Do you want to see your credit card balances vanish? The only way to do it is simple in process, but not in practice: Stop using them and begin paying them down.
However you choose to do it, using the snowball process which starts with the lowest balance and works up, so you can celebrate small victories along the way, or by paying down higher interest cards first, the end result is the same.
But what if you feel as if you can’t pay down your debt because an unexpected and emergency expense always comes up? First, make sure you’re defining an emergency the right way.
Girls’ night out? Not an emergency. (And if it is, get your girlfriends to treat… you can get them back after payday!)
Necessary car repairs so you can drive to work? Probably an emergency, unless you can take the bus, train or get a ride until next payday, and avoid putting the repairs on your credit card.
No food in your refrigerator? Maybe an emergency, but probably not. Looking through your cabinets or freezer, you might be surprised at what you can whip up to make it through to payday — and it’s probably pretty healthy, too. Of course, if you have a baby, infant formula is a necessity… but if you’ve done your budget right, you’ve allocated enough money for this.
You see what I’m getting at, right? Even situations that we think are emergencies might be able to be avoided by better budgeting and creative thinking. And every penny you don’t put charge brings you one step closer to paying down your debt. It’s all about changing your mindset. Here are three more thoughts you can change today in order to get on the right track to paying off debt.
Credit Cards Are My Emergency Fund
When you think of your credit cards as your emergency fund, some emergency will always come up that you believe you “have to” charge. Instead, work on building up an emergency fund by putting aside 10% of your income into a savings account. You can draw on this to for “emergencies that really aren’t,” from buying milk to car repairs. If you keep putting 10% of your paycheck into savings, you should always have at least a small nest egg for emergencies.
My Debt Is Never Going Away
This thought, and others like it, including, “Everybody has debt,” and “Debt is the American way of life,” are downright dangerous if you want to stop throwing away money on interest charges every month.
Instead, set the priority that you will get out of debt. Set a reasonable deadline for yourself, after working out your budget and determining how much you can pay toward your credit cards each month. Replace thoughts about debt being “normal,” with thoughts of how good it will feel to be debt free, and how much more disposable income you’ll have without all those monthly credit card payments.

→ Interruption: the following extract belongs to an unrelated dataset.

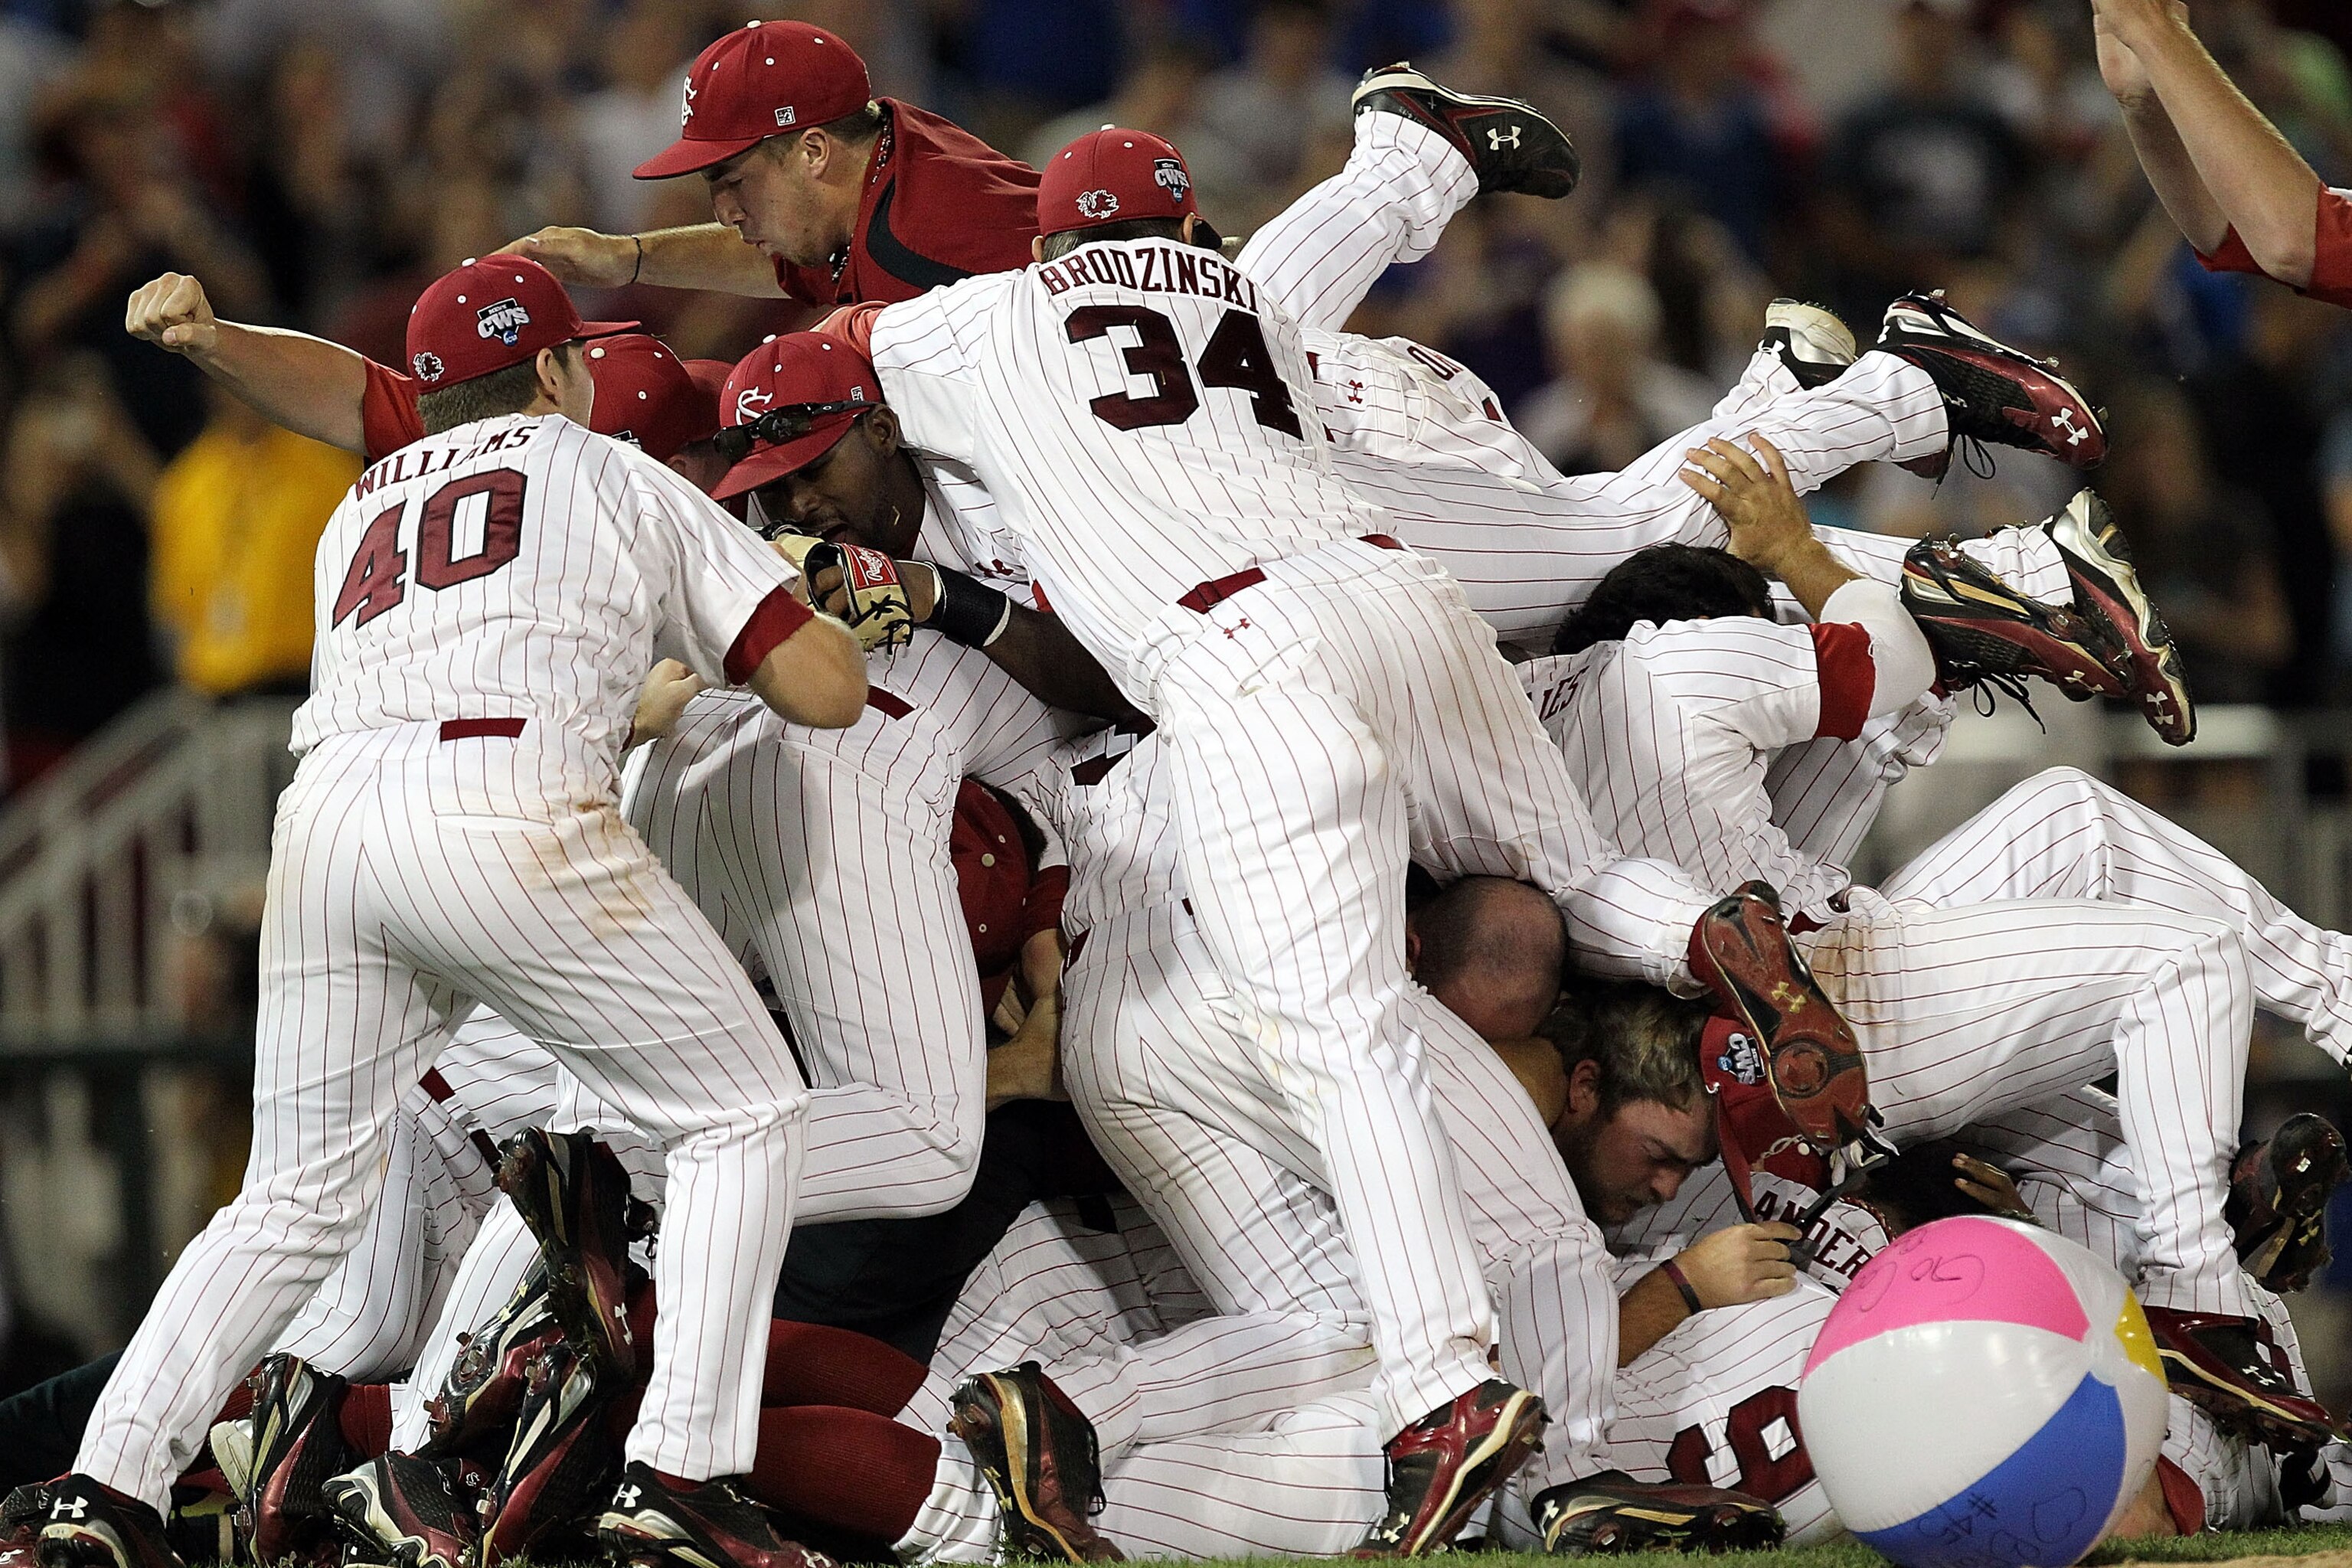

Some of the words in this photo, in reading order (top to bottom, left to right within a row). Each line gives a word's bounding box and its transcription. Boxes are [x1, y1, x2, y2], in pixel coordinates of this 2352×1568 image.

Finally, imagine yourself with no credit card payments, no financial stress, and plenty of money. Now you’re starting to capture the wealth mindset, that mindset of being debt-free.
“I Work Hard and Deserve Nice Things”
You probably do work hard for your money, and everyone deserves to have nice things, plenty of leisure time, and hobbies they enjoy. But that entitlement attitude, the thought that you deserve all the same things your friends and neighbors have, even if you don’t have the cash for them at this moment, is probably part of what got you into debt in the first place. If this sounds harsh… I’m only saying it because I’m describing exactly how I felt at one time, and I know it doesn’t work as a way to get out of debt.
Find ways to reward yourself that don’t cost any money. Celebrate every financial victory, whether it’s a whole month not using any credit cards, seeing one small credit card with no balance, or watching a balance drop substantially. Let success be its own reward. Print out charts or graphs or track your debt reduction on your computer or smartphone with an app like Mint.com.
And when it comes to celebrating your victories and rewarding yourself: cook a special dinner for your family, sit down for family movie night, or treat yourself to an early evening walk or something else you enjoy but rarely make time for.
Finally, to make your new, debt-free lifestyle feel more real, make a list of all the things you’ll be able to enjoy when you have absolutely no credit card debt:
- More disposable income (calculate the exact cost of your monthly minimum payments and write it down so you can visualize it more clearly
- A debt-free retirement
- Better credit to get all the best rewards credit cards, which, of course, you’ll pay off at the end of every month
- Less financial stress in your life
Do any or all of these things seem like they are worth working for? Then you can successfully change your mindset to get out of debt.